En su cuenta de Truth Social, Trump difundió una imagen vestido con una túnica, en una representación de carácter mesiánico. En la ilustración, Trump aparece irradiando luz desde sus manos hacia un hombre enfermo, en una escena que evocaba una curación milagrosa. El montaje incluía además símbolos militares y patrióticos, con aeronaves de combate y figuras similares a “ángeles” uniformados.
La reacción fue inmediata, incluso entre sus propios seguidores. “Usted no es Jesús” y “Quítelo inmediatamente” fueron algunos de los comentarios que inundaron la publicación. La presión llevó a su entorno a eliminar el contenido horas después, en medio de una creciente indignación en sectores religiosos, especialmente católicos.

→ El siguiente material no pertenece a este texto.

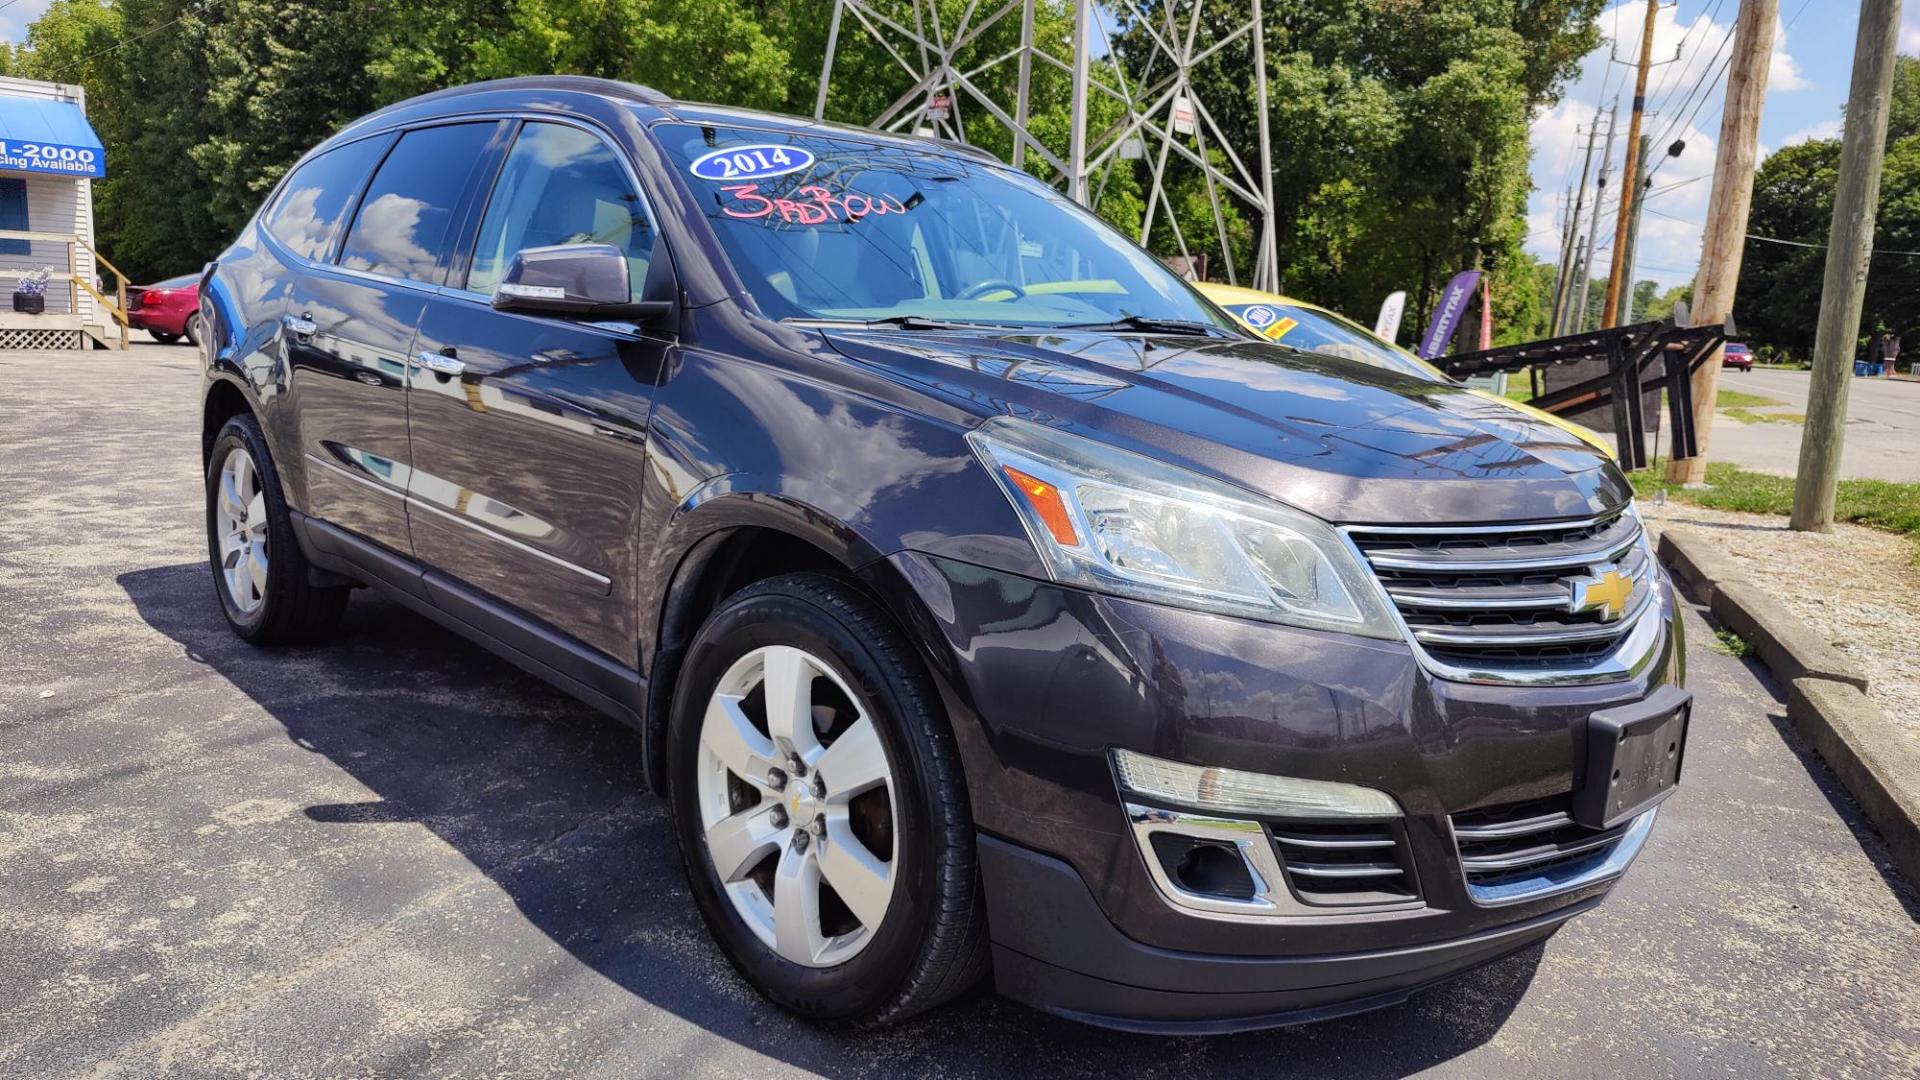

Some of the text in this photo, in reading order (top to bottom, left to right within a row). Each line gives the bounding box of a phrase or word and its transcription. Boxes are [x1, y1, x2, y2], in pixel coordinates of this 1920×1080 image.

[31, 157, 96, 173] Available
[713, 148, 791, 178] 2014
[720, 183, 827, 224] 3RD

Un médico de la Cruz Roja, no el mesías
Consultado en una rueda de prensa en el Despacho Oval, Trump negó haber intentado representarse como Jesucristo y aseguró que la imagen buscaba mostrarlo como un “médico que cura a la gente”. Sin embargo, la explicación no logró disipar la controversia.
El episodio llega en un momento políticamente delicado. Trump ganó las elecciones presidenciales de 2024 con el 49,8% del voto popular, superando por estrecho margen a Kamala Harris, quien obtuvo el 48,2%. En ese resultado fue clave el respaldo del electorado católico, que le otorgó cerca del 55% de sus votos.

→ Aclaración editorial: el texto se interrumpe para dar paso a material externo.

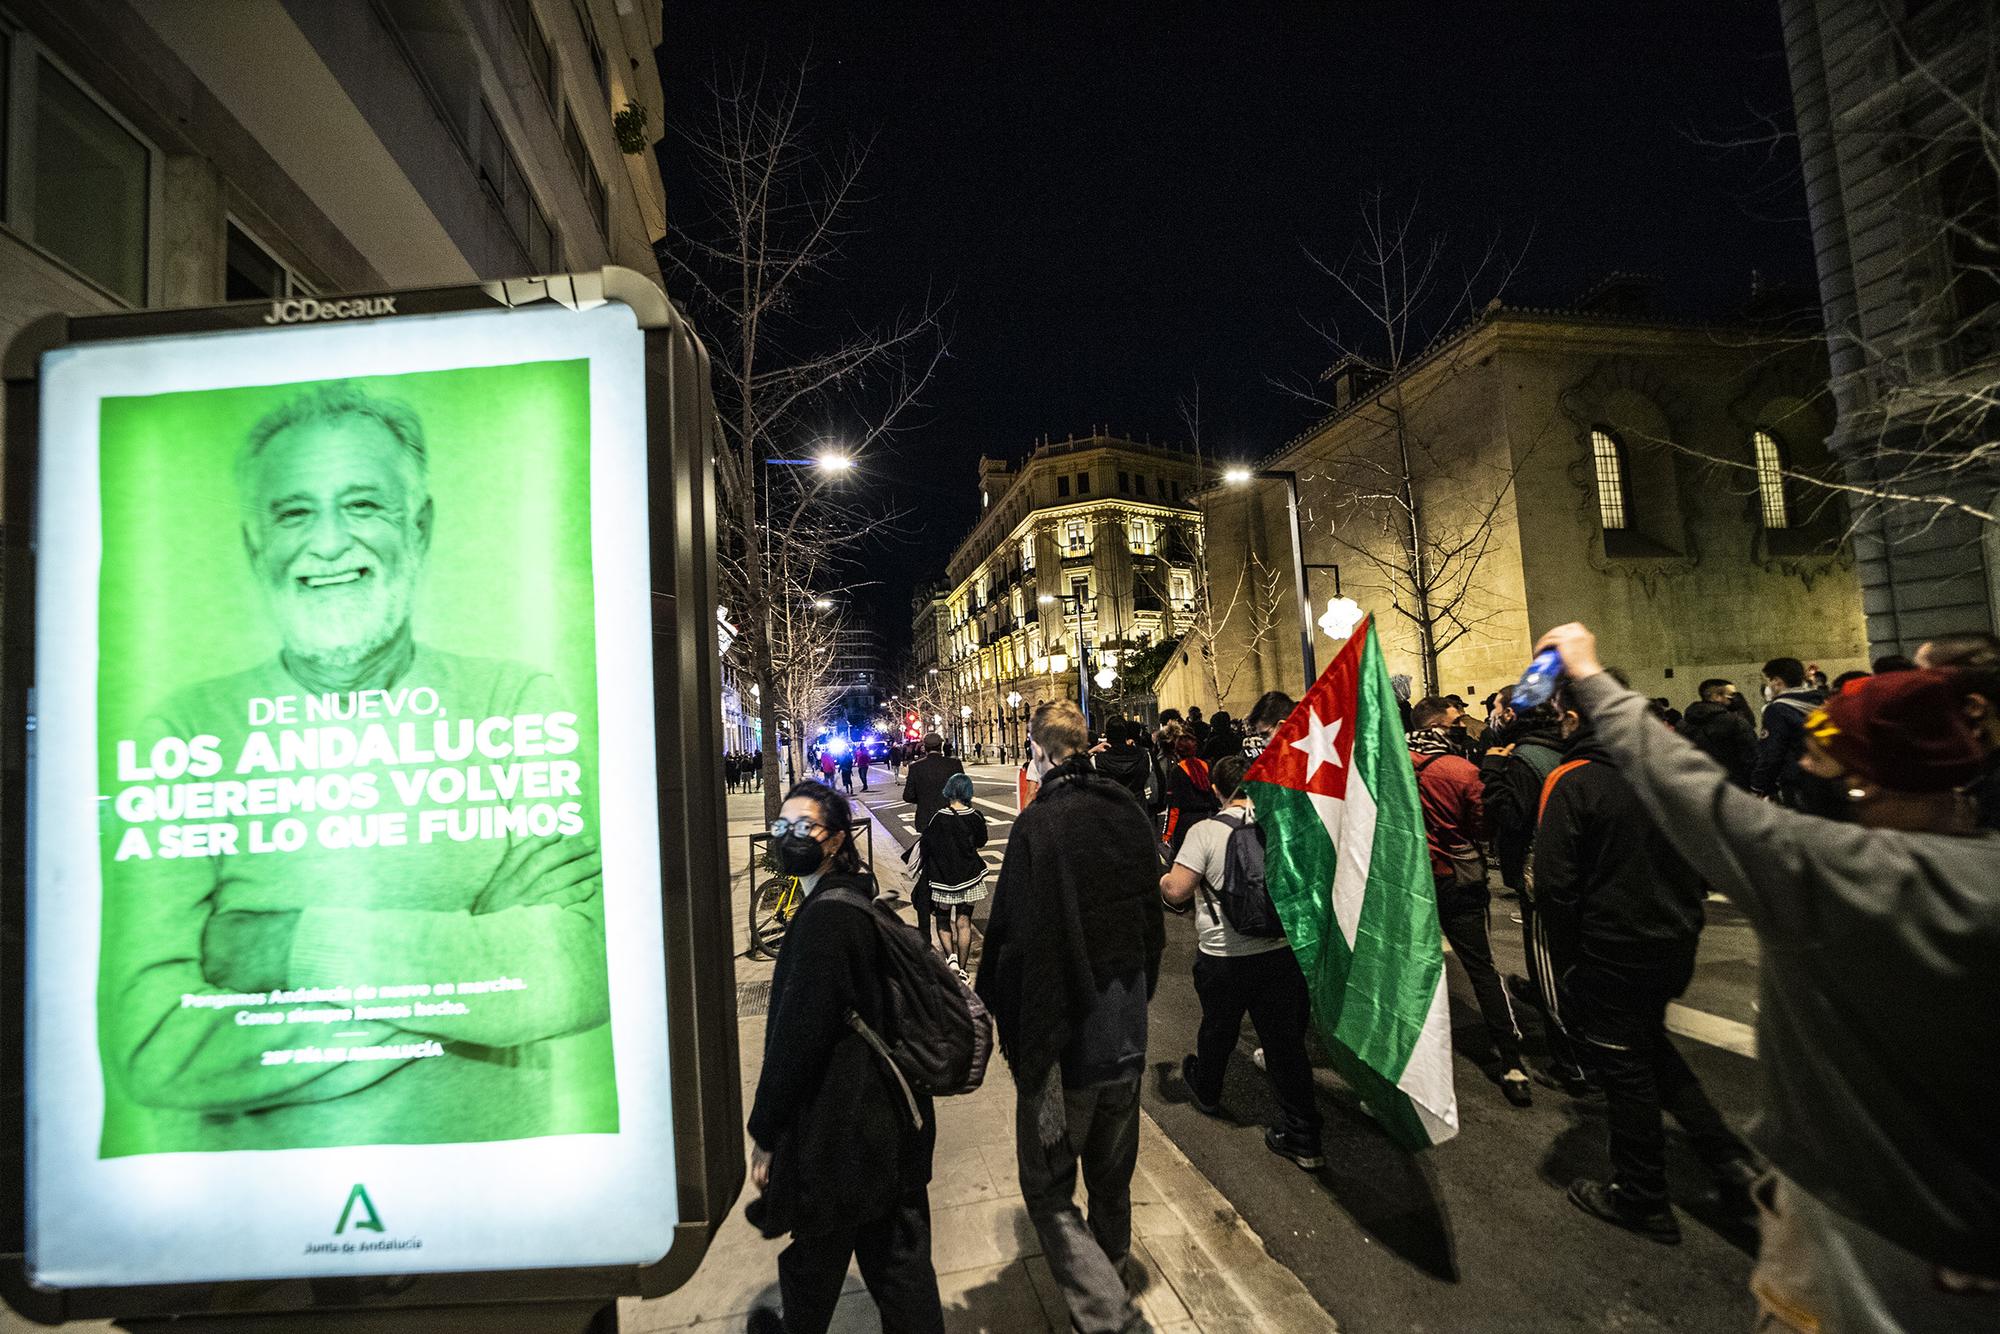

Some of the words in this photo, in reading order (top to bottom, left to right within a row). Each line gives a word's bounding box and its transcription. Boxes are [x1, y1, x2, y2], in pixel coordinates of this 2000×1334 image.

[265, 298, 397, 325] JCDecaux
[248, 695, 299, 726] DE
[305, 686, 447, 722] NUEVO,
[116, 734, 223, 782] LOS
[235, 711, 580, 774] ANDALUCES
[114, 772, 380, 823] QUEREMOS
[389, 760, 582, 807] VOLVER
[114, 827, 152, 862] A
[157, 822, 239, 860] SER
[248, 818, 309, 854] LO
[316, 812, 408, 850] QUE
[418, 801, 584, 844] FUIMOS
[234, 1010, 286, 1026] Como

Según el Pew Research Center, aproximadamente el 20% de la población estadounidense se identifica como católica, lo que convierte a este grupo en el bloque religioso homogéneo más numeroso del país. Además, su peso político es significativo: cerca del 29% de los miembros del Congreso profesan esta religión, lo que amplifica el impacto de cualquier tensión con el Vaticano.
Una guerra moral con la Iglesia
El enfrentamiento entre Trump y el papa se ha intensificado en las últimas semanas, en el contexto de la escalada militar en Oriente Próximo. León XIV ha criticado abiertamente las acciones de Estados Unidos e Israel contra Irán, señalando que “quienes usan la fuerza para imponer la paz solo buscan la victoria”. Desde Washington, figuras como el secretario de Defensa, Pete Hegseth, han respondido con declaraciones en tono religioso, afirmando que “Dios está de nuestro lado”, lo que provocó una nueva réplica del pontífice.

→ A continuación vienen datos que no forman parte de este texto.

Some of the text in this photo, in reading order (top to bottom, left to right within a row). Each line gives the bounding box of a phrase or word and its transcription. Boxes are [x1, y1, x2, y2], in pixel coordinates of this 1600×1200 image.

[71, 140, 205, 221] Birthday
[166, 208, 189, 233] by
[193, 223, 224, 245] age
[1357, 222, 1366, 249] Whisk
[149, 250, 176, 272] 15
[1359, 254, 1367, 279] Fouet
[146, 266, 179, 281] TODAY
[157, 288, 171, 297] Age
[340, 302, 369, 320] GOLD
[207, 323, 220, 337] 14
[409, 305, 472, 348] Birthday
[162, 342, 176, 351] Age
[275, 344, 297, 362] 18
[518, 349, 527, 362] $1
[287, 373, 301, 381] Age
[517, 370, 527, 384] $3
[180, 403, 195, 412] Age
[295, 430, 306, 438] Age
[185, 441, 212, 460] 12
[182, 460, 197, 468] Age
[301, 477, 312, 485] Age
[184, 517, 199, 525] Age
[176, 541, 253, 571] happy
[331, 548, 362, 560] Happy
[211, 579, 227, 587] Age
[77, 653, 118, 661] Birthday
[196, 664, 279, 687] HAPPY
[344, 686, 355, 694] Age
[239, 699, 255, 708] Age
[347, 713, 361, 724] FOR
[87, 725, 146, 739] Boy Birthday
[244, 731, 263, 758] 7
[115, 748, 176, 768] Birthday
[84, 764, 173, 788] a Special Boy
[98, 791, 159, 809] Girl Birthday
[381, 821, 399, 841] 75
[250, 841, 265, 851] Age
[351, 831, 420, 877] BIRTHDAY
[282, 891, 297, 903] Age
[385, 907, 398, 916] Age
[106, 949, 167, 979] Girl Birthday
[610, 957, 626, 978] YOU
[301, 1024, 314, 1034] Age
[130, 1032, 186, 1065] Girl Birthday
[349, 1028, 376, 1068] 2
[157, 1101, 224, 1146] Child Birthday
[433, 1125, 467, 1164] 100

El cruce de mensajes ha ido elevando la tensión entre la Casa Blanca y el Vaticano, en un contexto donde la religión se mezcla con la geopolítica. Este fin de semana, el Papa encabezó una vigilia por la paz en la basílica de San Pedro, donde advirtió sobre el uso del nombre de Dios en “discursos de muerte” y llamó a frenar el “delirio de omnipotencia” que alimenta los conflictos.
Más allá del choque político y religioso, lo que ha generado mayor rechazo es el tono simbólico del mensaje presidencial. Incluso voces cercanas al trumpismo, como el activista Brilyn Hollyhand, criticaron la publicación: “Compararse con Jesús, aunque sea bromeando, socava los valores en los que muchos creemos”.
La controversia trascendió el ámbito estadounidense. La Embajada de Irán en España reaccionó difundiendo la imagen junto a una cita de Don Quijote: “La alabanza propia envilece”.